L’intento dell’autore era forse quello di creare un parallelismo tra il monologo della dottoressa e la stessa natura menzognera dell’arte: così come Elisabeth vede nel silenzio l’unica soluzione per non mentire più, l’unico modo in cui la pellicola può smettere di mentire è tacere, essere riposta nella scatola e finalmente dimenticata.

Alma e il desiderio di maternità: la frustrazione esistenziale

Dall’altra parte, Alma è tormentata dal desiderio di maternità, un desiderio che la lega a un ruolo tradizionale di donna e madre che la società vuole imporle. Non avendo avuto figli, Alma è intrappolata in un rimpianto che accentua la sua frustrazione esistenziale.

Entrambe le donne, quindi, sono prigioniere dei propri desideri non realizzati, e la loro sofferenza emerge come un grido che attraversa il film, un grido di solitudine e incompiutezza.

L’inquietante simbolo finale: il bambino nel ghetto di Varsavia

L’immagine finale del bambino nel ghetto di Varsavia, simbolo di violenza, paura e morte, congiunge le due protagoniste a una sofferenza universale che sfida ogni possibilità di redenzione.

Così come il bambino nell’obitorio non smette di allungare le mani verso Alma e Elisabeth, le due donne sembrano incapaci di sfuggire alla loro condizione di solitudine e frattura, imprigionate in una spirale di incomunicabilità.

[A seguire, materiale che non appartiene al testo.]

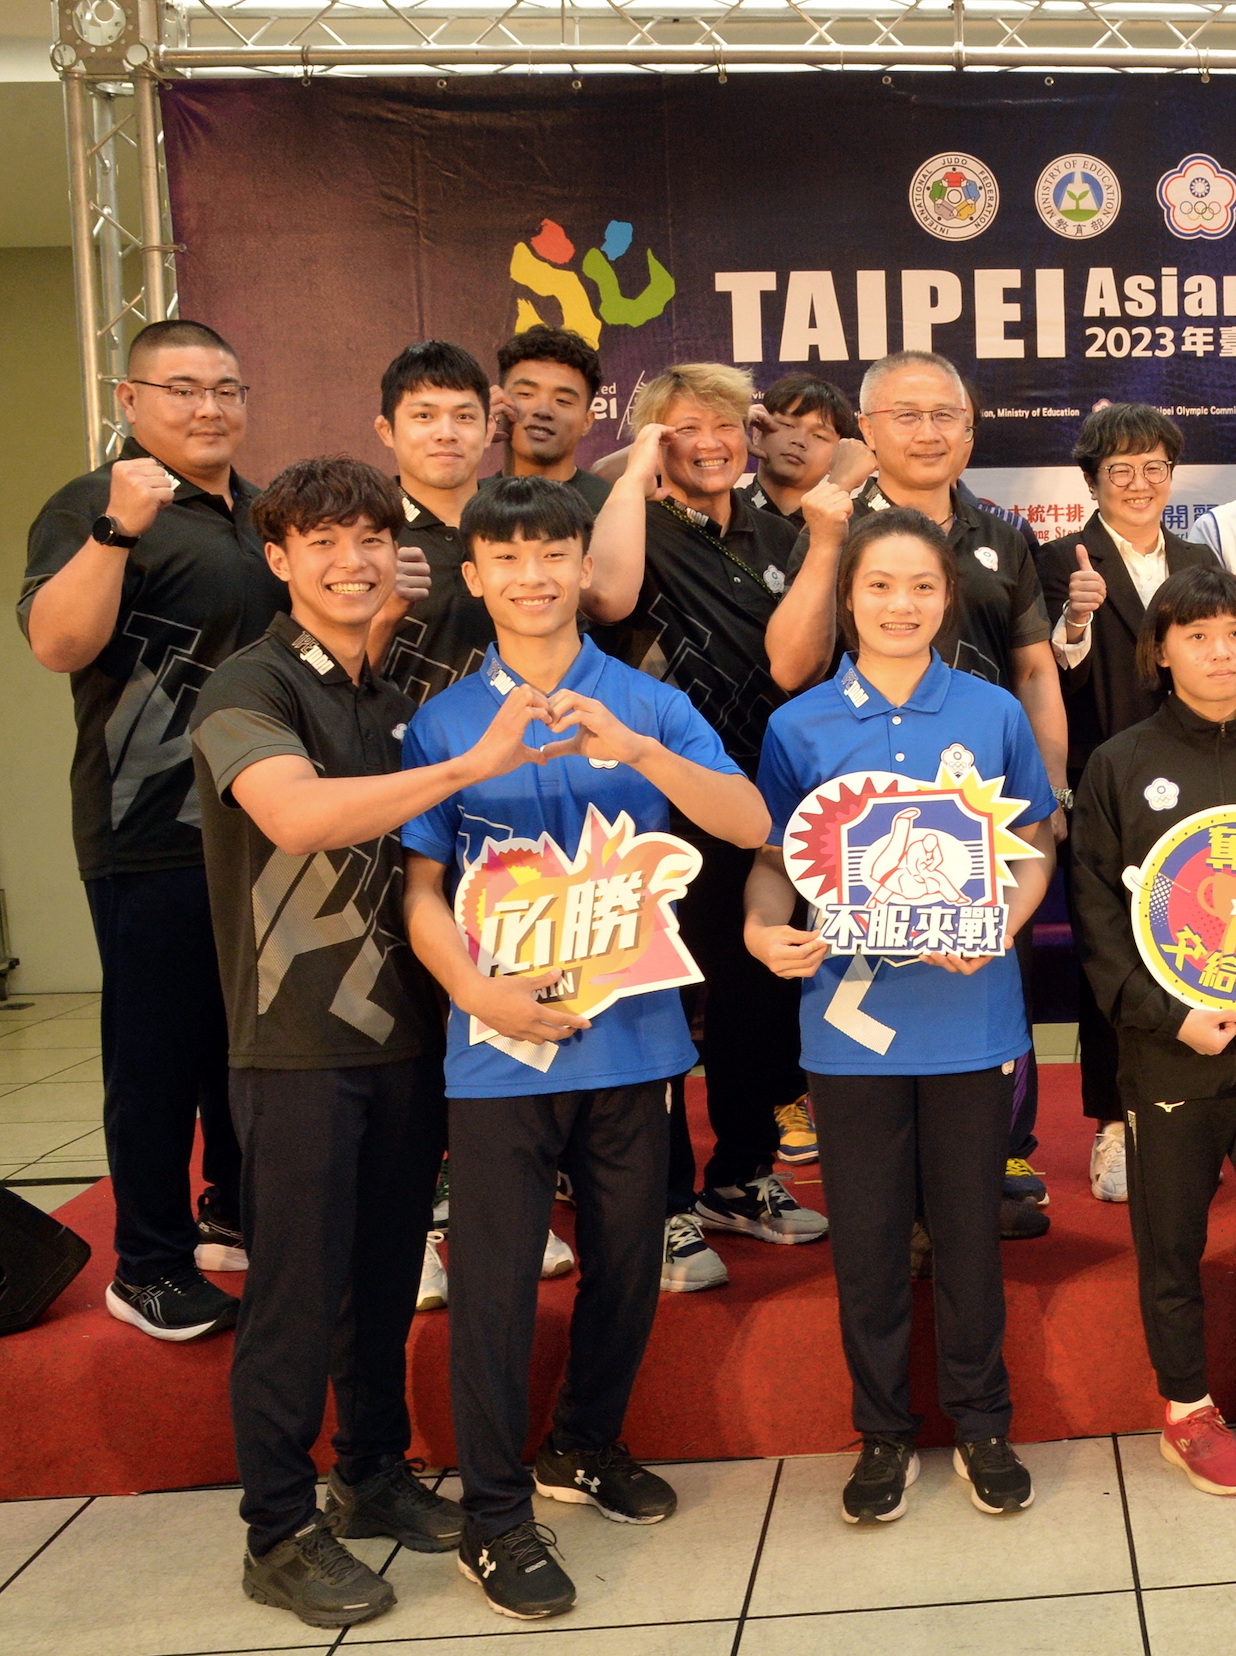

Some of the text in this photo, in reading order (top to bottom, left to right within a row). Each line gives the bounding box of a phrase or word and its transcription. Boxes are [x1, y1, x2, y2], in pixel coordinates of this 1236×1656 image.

[915, 157, 995, 235] INTERNATIONAL JUDO FEDERATION
[1041, 160, 1115, 219] MINISTRY OF EDUCATION
[1055, 218, 1105, 236] 教育部
[714, 268, 1066, 363] TAIPEI
[997, 407, 1030, 419] Ministry
[1031, 407, 1041, 417] of
[1042, 407, 1080, 417] Education
[1176, 405, 1209, 417] Olympic
[476, 869, 644, 978] 必勝
[823, 904, 1001, 950] 不服來戰

Il vuoto esistenziale di Persona

Persona non è un film che risponde alle domande esistenziali che solleva. Al contrario, Bergman crea un’opera in cui il vuoto e l’incertezza sono i protagonisti. La relazione tra Alma ed Elisabeth diventa il simbolo di un conflitto universale, che riguarda ogni individuo e il suo rapporto con l’altro, con la società e con se stesso.

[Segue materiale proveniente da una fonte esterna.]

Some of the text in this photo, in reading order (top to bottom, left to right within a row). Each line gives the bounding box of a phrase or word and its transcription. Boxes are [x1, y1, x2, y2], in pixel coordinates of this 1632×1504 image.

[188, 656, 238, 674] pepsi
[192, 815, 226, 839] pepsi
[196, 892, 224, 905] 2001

Non c’è una risoluzione, ma solo un invito alla riflessione: un’esplorazione dell’essere umano che lascia lo spettatore senza risposte definitive, costringendolo a confrontarsi con le proprie inquietudini. La grandezza del film sta proprio nel suo lasciarci riflettere sulle nostre domande esistenziali, senza mai offrirci un appiglio concreto.

Allora mi chiedo: siamo veramente in grado di conoscere chi siamo, o siamo condannati a restare prigionieri di un’illusione di noi stessi?